▸ **EXERCISE DESCRIPTION**:
Write out each record exactly and skip every image.
* * * * * * * * *
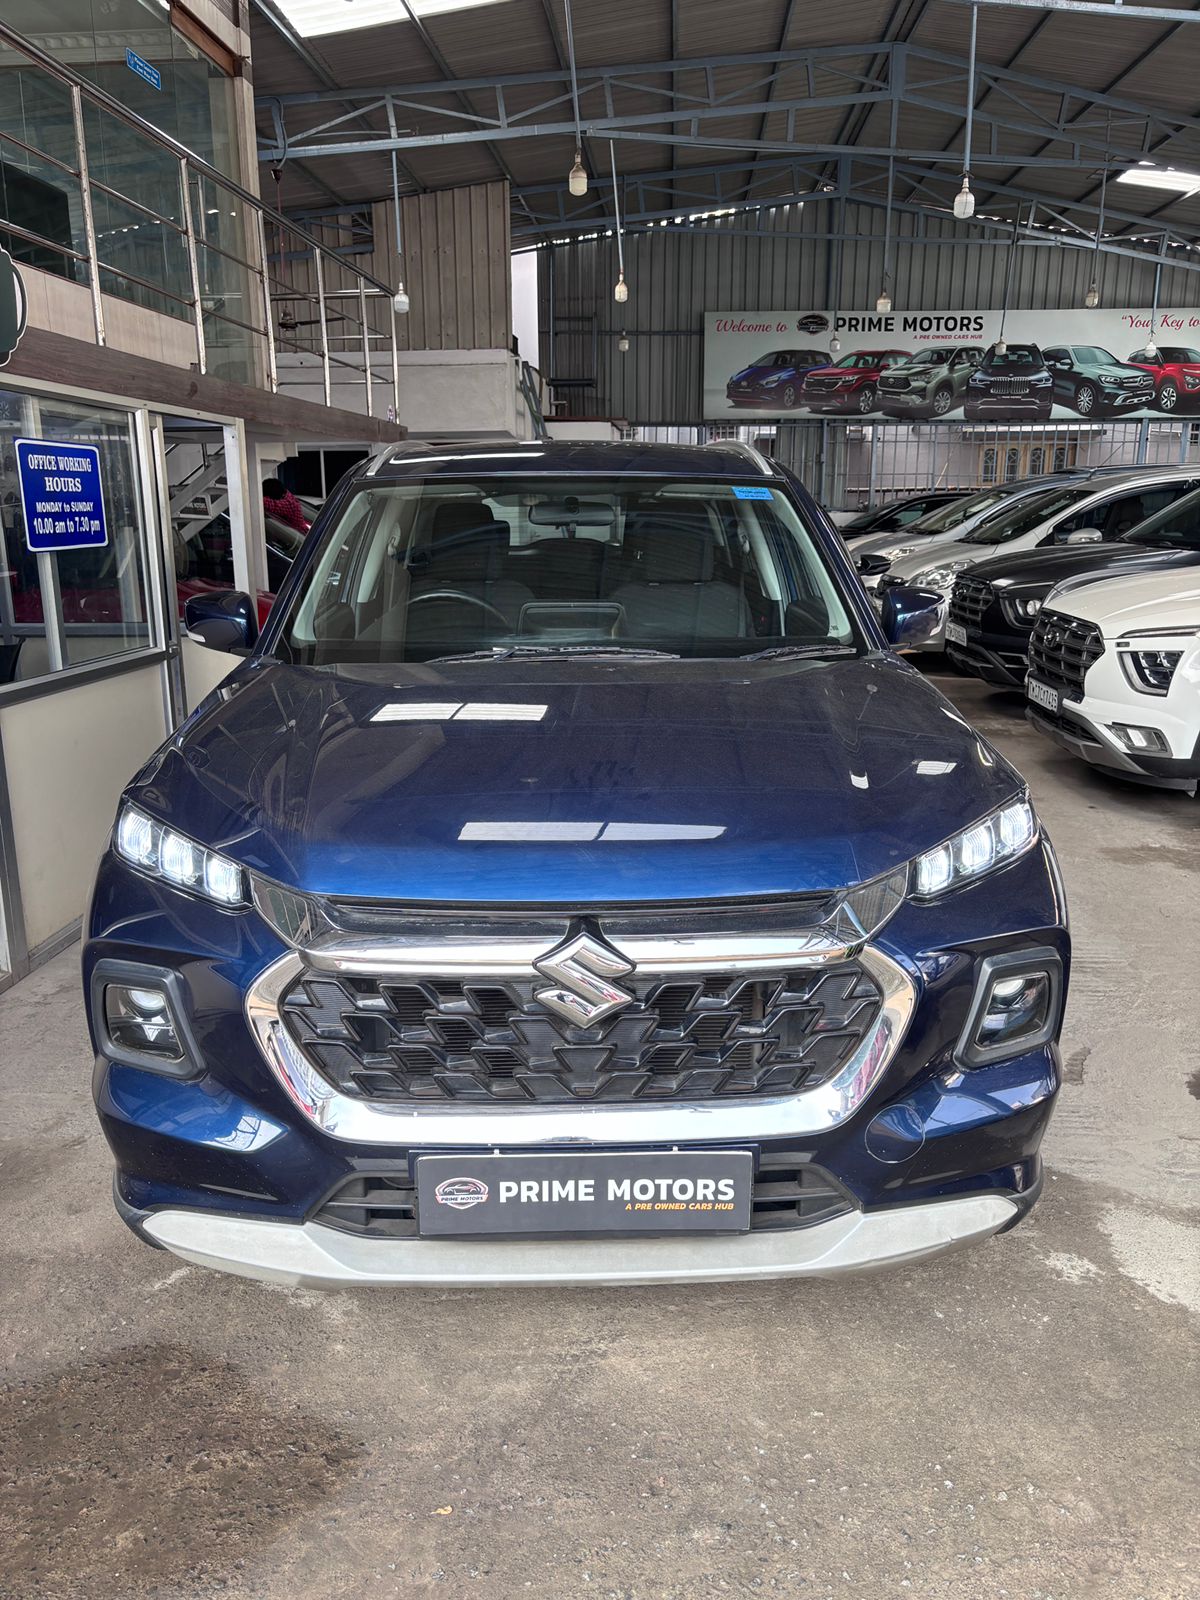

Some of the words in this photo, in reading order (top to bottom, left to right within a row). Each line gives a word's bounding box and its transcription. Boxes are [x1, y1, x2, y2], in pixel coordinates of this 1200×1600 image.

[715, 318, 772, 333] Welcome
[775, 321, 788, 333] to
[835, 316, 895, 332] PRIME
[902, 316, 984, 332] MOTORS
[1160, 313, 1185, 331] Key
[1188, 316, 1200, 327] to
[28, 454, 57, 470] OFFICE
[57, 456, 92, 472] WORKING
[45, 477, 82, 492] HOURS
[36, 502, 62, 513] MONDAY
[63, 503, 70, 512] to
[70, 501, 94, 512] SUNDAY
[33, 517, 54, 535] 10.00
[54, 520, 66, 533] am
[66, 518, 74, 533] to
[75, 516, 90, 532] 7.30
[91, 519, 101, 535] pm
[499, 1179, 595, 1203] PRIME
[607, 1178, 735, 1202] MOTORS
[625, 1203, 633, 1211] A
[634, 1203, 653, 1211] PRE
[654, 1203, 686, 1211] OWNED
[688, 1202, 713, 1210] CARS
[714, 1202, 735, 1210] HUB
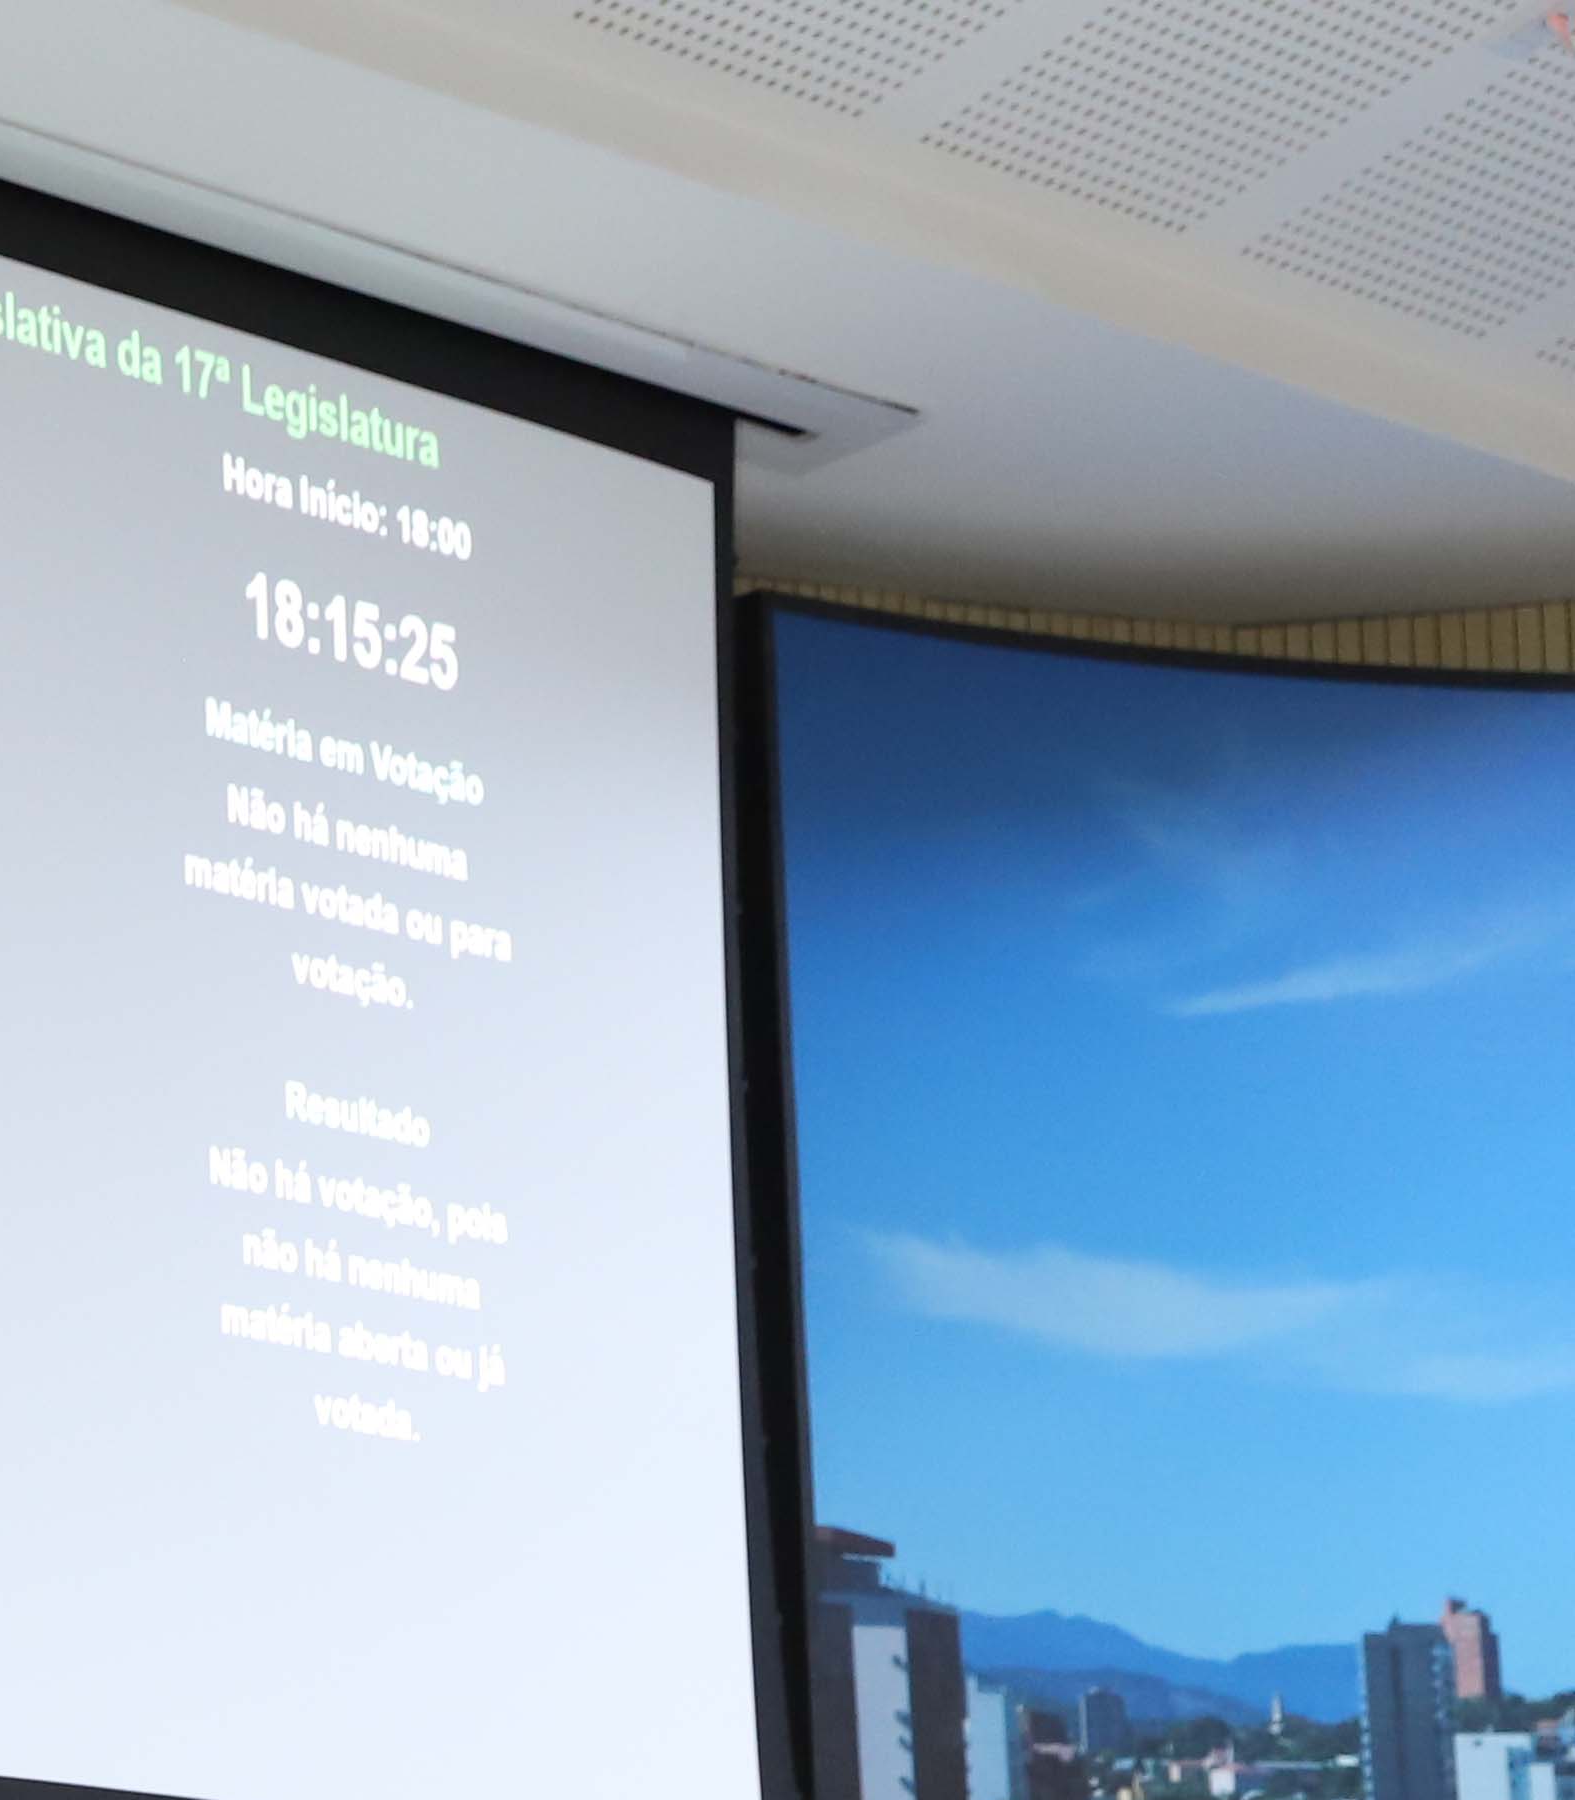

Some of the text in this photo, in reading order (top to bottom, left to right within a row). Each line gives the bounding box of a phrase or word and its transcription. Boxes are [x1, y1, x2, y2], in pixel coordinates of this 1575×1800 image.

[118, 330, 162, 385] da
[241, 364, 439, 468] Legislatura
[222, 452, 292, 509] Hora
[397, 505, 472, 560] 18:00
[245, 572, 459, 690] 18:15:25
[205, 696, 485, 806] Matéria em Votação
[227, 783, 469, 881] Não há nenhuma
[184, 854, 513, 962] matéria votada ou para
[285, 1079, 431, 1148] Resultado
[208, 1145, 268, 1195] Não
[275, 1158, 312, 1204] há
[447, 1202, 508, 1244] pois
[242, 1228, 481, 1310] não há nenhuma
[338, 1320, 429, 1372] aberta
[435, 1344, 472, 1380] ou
* * * * * * * * *
▸ **THE COMPLETED TASK**:
Some of the words in this photo, in reading order (top to bottom, left to right within a row). Each line gives a word's bounding box and its transcription. Boxes are [x1, y1, x2, y2], in pixel coordinates of this 1200×1600 image.

[715, 318, 772, 333] Welcome
[775, 321, 788, 333] to
[835, 316, 895, 332] PRIME
[902, 316, 984, 332] MOTORS
[1160, 313, 1185, 331] Key
[1188, 316, 1200, 327] to
[28, 454, 57, 470] OFFICE
[57, 456, 92, 472] WORKING
[45, 477, 82, 492] HOURS
[36, 502, 62, 513] MONDAY
[63, 503, 70, 512] to
[70, 501, 94, 512] SUNDAY
[33, 517, 54, 535] 10.00
[54, 520, 66, 533] am
[66, 518, 74, 533] to
[75, 516, 90, 532] 7.30
[91, 519, 101, 535] pm
[499, 1179, 595, 1203] PRIME
[607, 1178, 735, 1202] MOTORS
[625, 1203, 633, 1211] A
[634, 1203, 653, 1211] PRE
[654, 1203, 686, 1211] OWNED
[688, 1202, 713, 1210] CARS
[714, 1202, 735, 1210] HUB

Some of the text in this photo, in reading order (top to bottom, left to right within a row). Each line gives the bounding box of a phrase or word and its transcription. Boxes are [x1, y1, x2, y2], in pixel coordinates of this 1575×1800 image.

[118, 330, 162, 385] da
[241, 364, 439, 468] Legislatura
[222, 452, 292, 509] Hora
[397, 505, 472, 560] 18:00
[245, 572, 459, 690] 18:15:25
[205, 696, 485, 806] Matéria em Votação
[227, 783, 469, 881] Não há nenhuma
[184, 854, 513, 962] matéria votada ou para
[285, 1079, 431, 1148] Resultado
[208, 1145, 268, 1195] Não
[275, 1158, 312, 1204] há
[447, 1202, 508, 1244] pois
[242, 1228, 481, 1310] não há nenhuma
[338, 1320, 429, 1372] aberta
[435, 1344, 472, 1380] ou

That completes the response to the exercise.